Figura 2. Individuos de Cerro Esmeralda.
( A ) Exhibición en el museo de CES-A y CES-B en el Museo Regional de Iquique antes de 2011. ( B ) Vista anterior de CES-A, una niña; el círculo rojo indica una perforación en el hipocondrio derecho. ( C ) Reconstrucción 3D de CES-A, vista anterior. ( D ) Primer plano de la perforación hipocondrial en CES-A. ( E ) Vista anterior de CES-B, una niña. ( F ) Reconstrucción 3D de CES-B, vista anterior. ( G ) Peinado de CES-A con tulmas; se obtuvieron muestras de radiocarbono de este contexto. ( H ) Peinado de CES-B con tulmas; se obtuvieron muestras de radiocarbono de este contexto. ( I y J ) Representación 3D del cráneo de CES-A con transparencia que muestra el desarrollo dental: ( I) vista anterior y ( J) vista lateral derecha. ( K ) Corte de TC de CES-A que muestra el hueso hioides, vista transversal. ( L ) Corte de TC de CES-B que muestra el hueso hioides, vista transversal. Créditos de las fotografías: (A) Archivo Administrativo, Museo Regional de Iquique–CORMUDESI; Fotografías [(B), (D), (E), (G) y (H)] de M. Alarcón, cortesía del Archivo Administrativo, Museo Regional de Iquique–CORMUDESI.

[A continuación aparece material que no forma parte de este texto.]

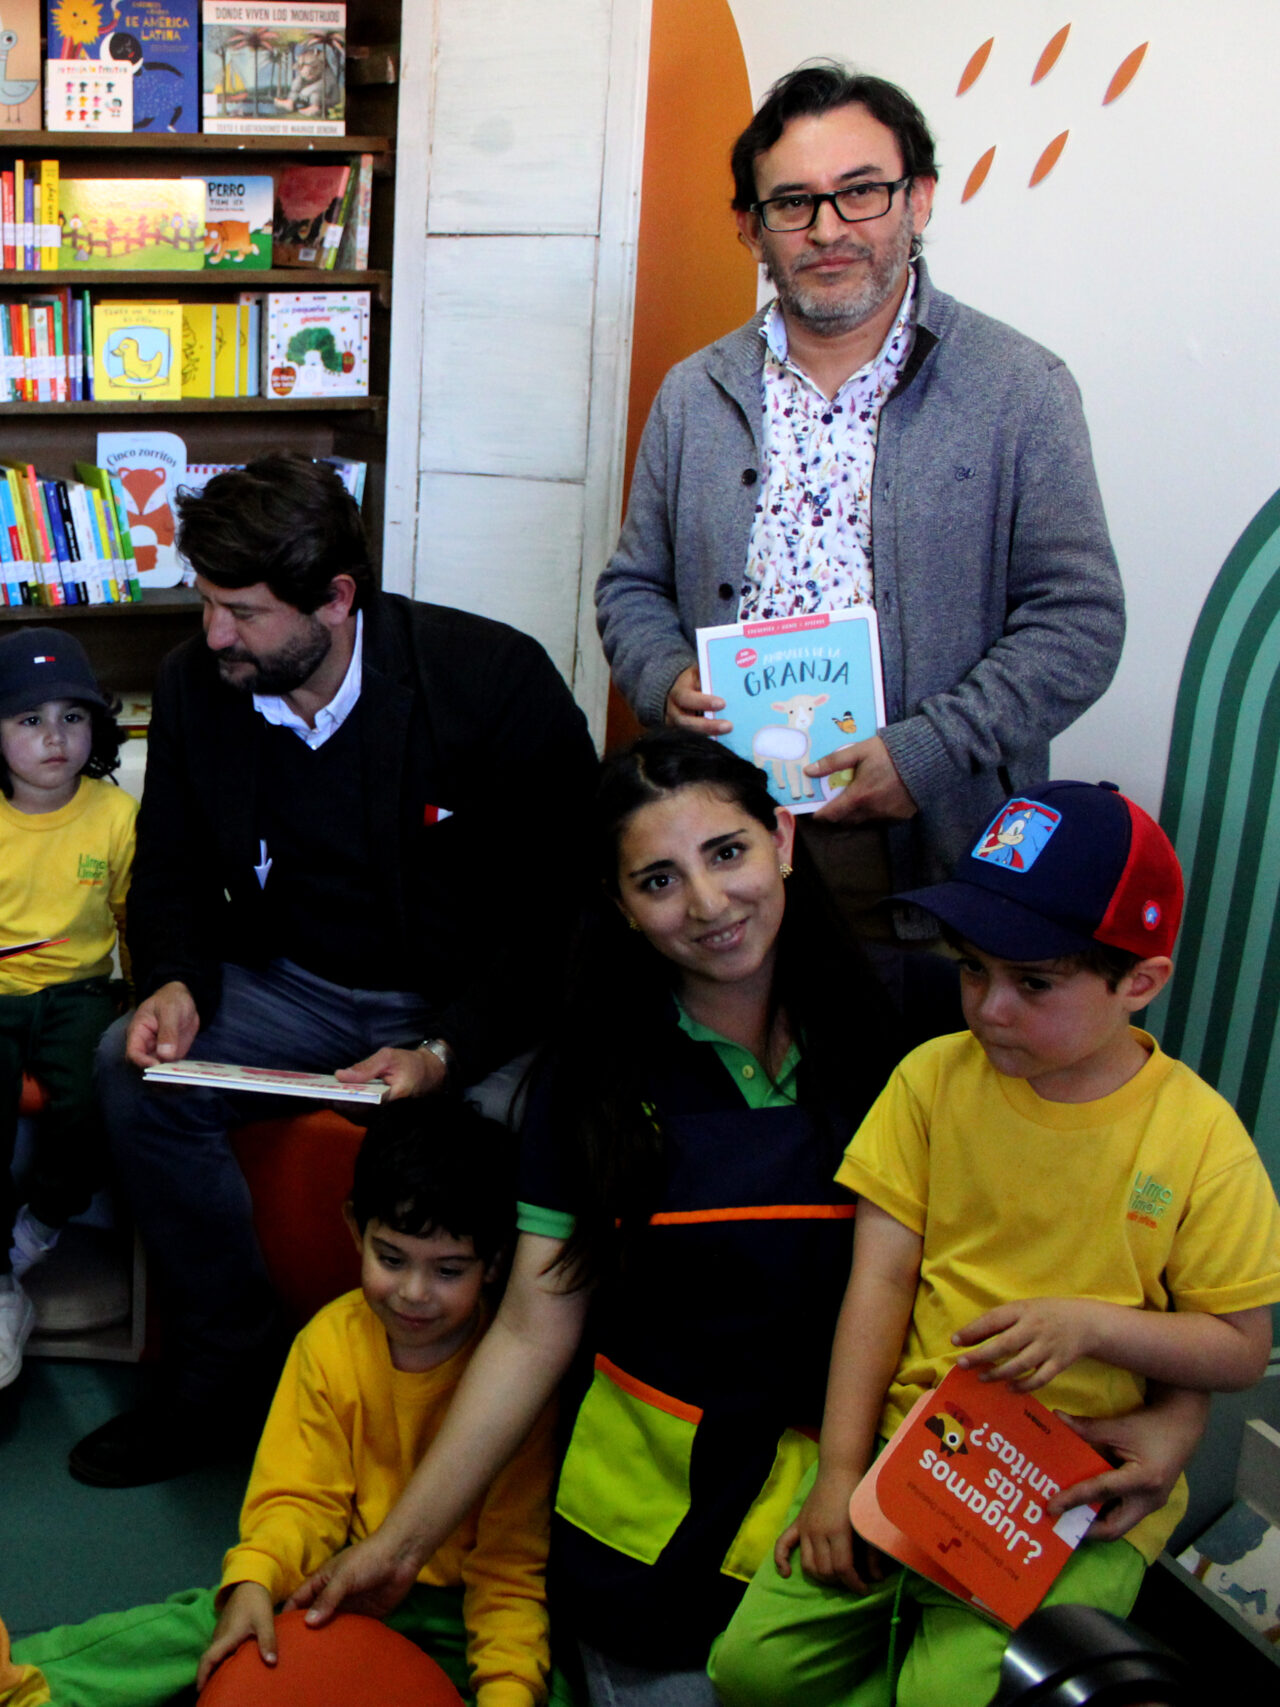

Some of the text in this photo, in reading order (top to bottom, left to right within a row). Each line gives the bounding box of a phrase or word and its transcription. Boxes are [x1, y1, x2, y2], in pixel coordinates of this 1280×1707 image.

[216, 7, 242, 20] DONDE
[245, 8, 270, 20] VIVEN
[273, 9, 288, 21] LOS
[208, 182, 246, 197] PERRO
[291, 305, 325, 315] pequeña
[327, 306, 352, 314] oruga
[106, 448, 177, 468] Cinco zorritos
[743, 658, 849, 697] GRANJA
[970, 1422, 1061, 1501] anitas?
[918, 1448, 1043, 1565] ¿Jugamos
[984, 1467, 1043, 1525] a las

Una cronología que también cambia la historia del Tawantinsuyu

Las nuevas dataciones por radiocarbono indican que los tres individuos vivieron durante la consolidación del Imperio inca en los Andes meridionales, aproximadamente entre 1440 y 1480 d. C.. Estas fechas sitúan los rituales de Cerro Esmeralda y Cerro El Plomo en una etapa más temprana de la expansión imperial de lo que muchos arqueólogos habían propuesto anteriormente.

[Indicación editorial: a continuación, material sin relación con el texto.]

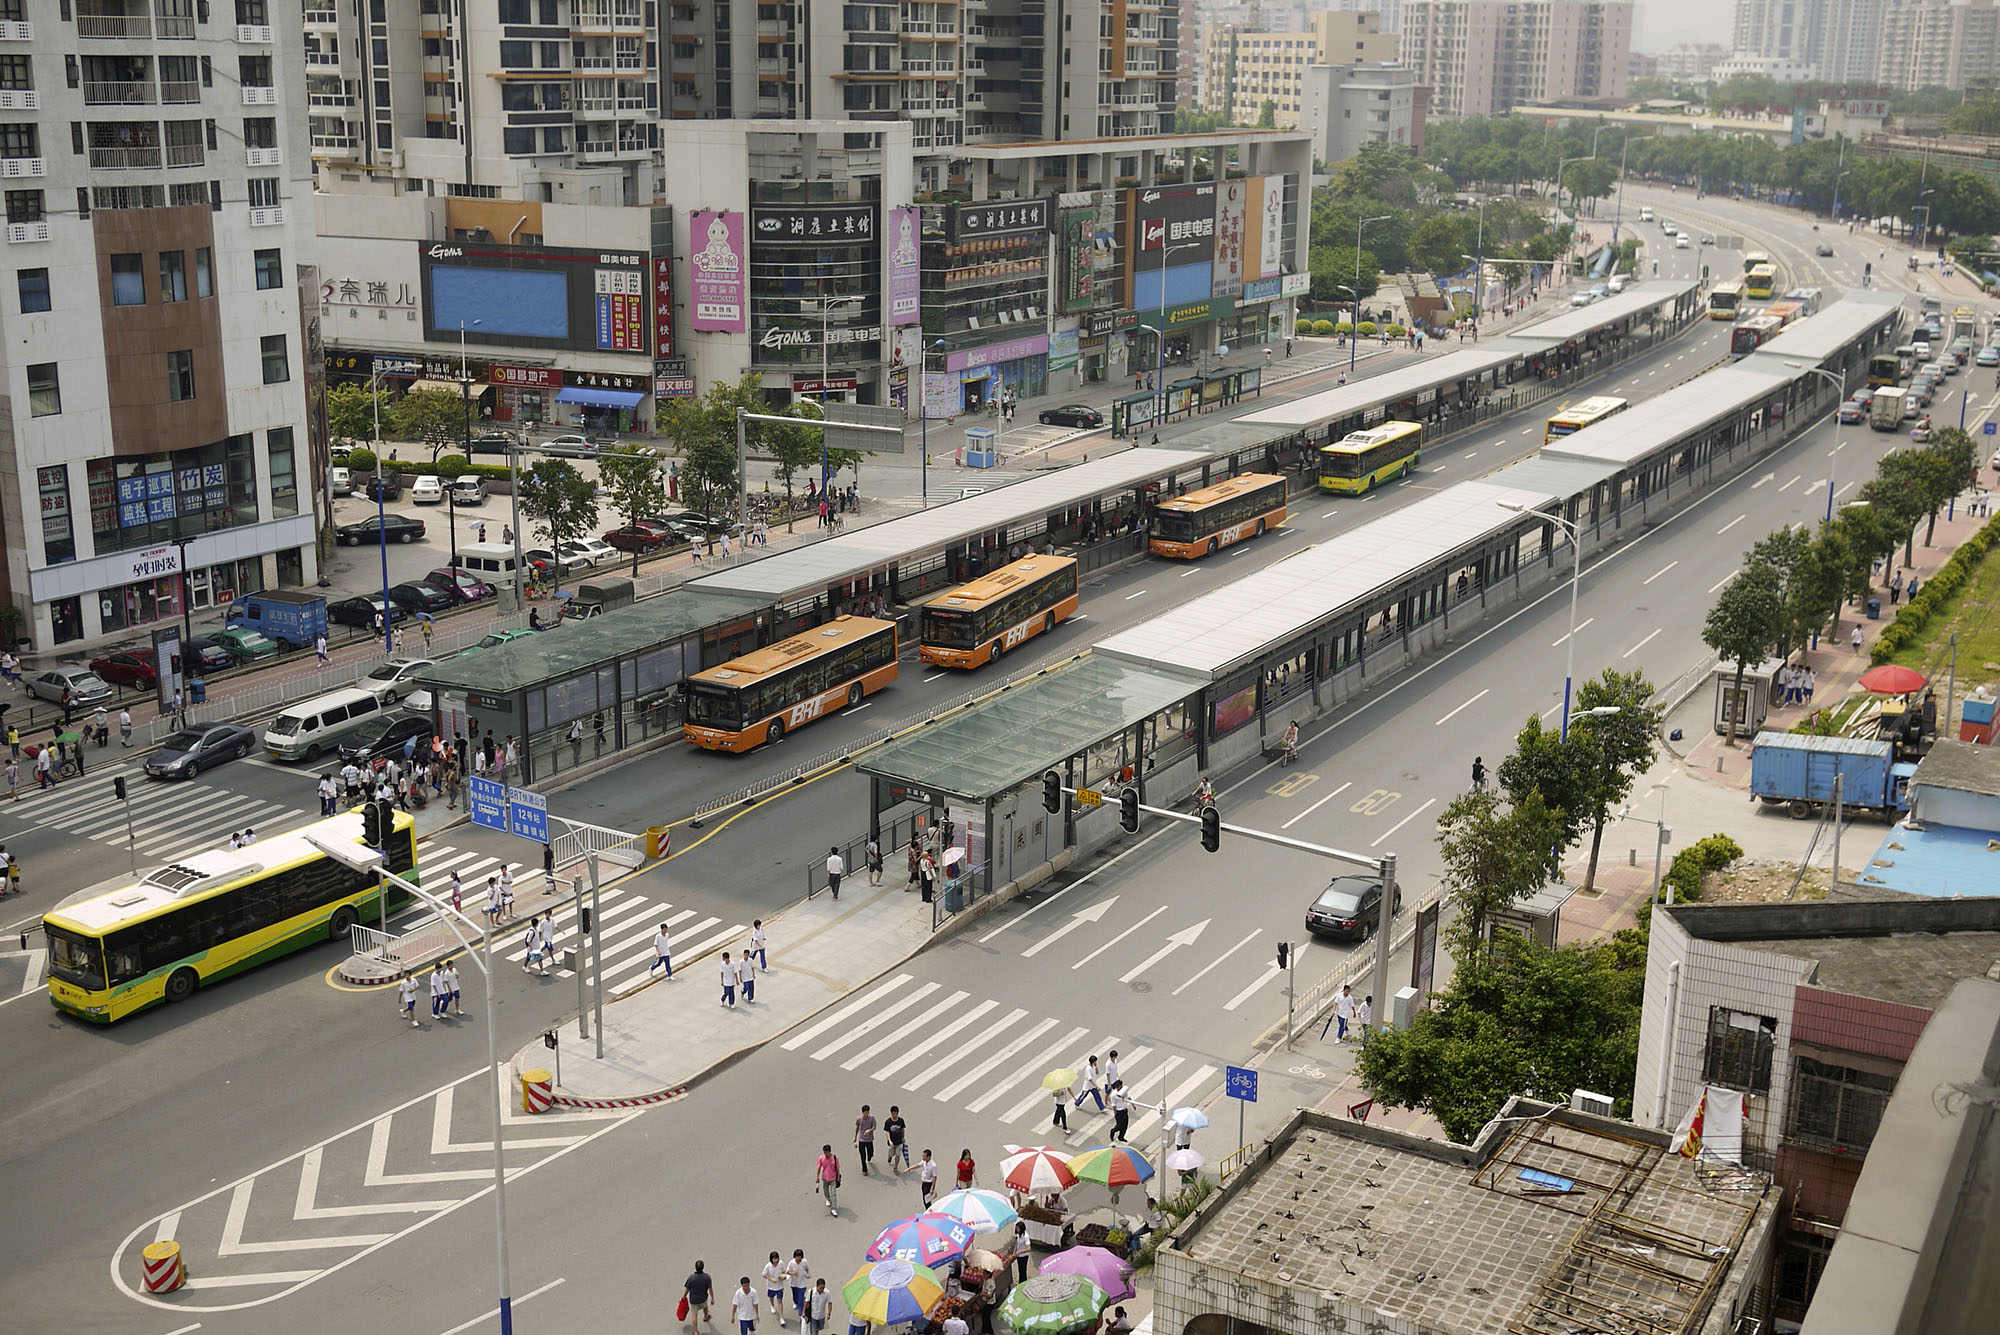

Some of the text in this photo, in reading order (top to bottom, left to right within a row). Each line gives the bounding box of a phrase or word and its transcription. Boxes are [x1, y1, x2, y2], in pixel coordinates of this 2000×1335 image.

[790, 215, 870, 235] 洞庭土菜馆
[1170, 218, 1213, 240] 国美电器
[600, 254, 640, 265] 国美电器
[339, 277, 416, 306] 奈瑞儿
[827, 327, 881, 343] 国美电器
[506, 368, 549, 382] 国昌地产
[40, 470, 63, 486] 监控
[181, 464, 225, 490] 竹炭
[42, 496, 65, 512] 防盗
[124, 498, 174, 521] 监控工程
[1221, 523, 1243, 546] BRT
[133, 556, 177, 577] 孕妇时装
[1005, 620, 1032, 649] BRT
[789, 693, 827, 727] BRT
[478, 782, 496, 794] BRT
[1264, 772, 1320, 798] 60
[1349, 789, 1402, 816] 60
[518, 808, 540, 824] 12号站
[950, 1225, 967, 1245] EF

En conjunto, las evidencias indican que la Capacocha no fue un fenómeno aislado ni un acto exclusivamente religioso. Constituyó una sofisticada estrategia de integración política y espiritual mediante la cual el Tawantinsuyu consolidaba su autoridad sobre nuevos territorios. La peregrinación, la alimentación ritual, las ofrendas y, en algunos casos, la muerte violenta de los elegidos formaban parte de un mismo proceso destinado a fortalecer el vínculo entre las comunidades andinas, los apus y el Estado inca.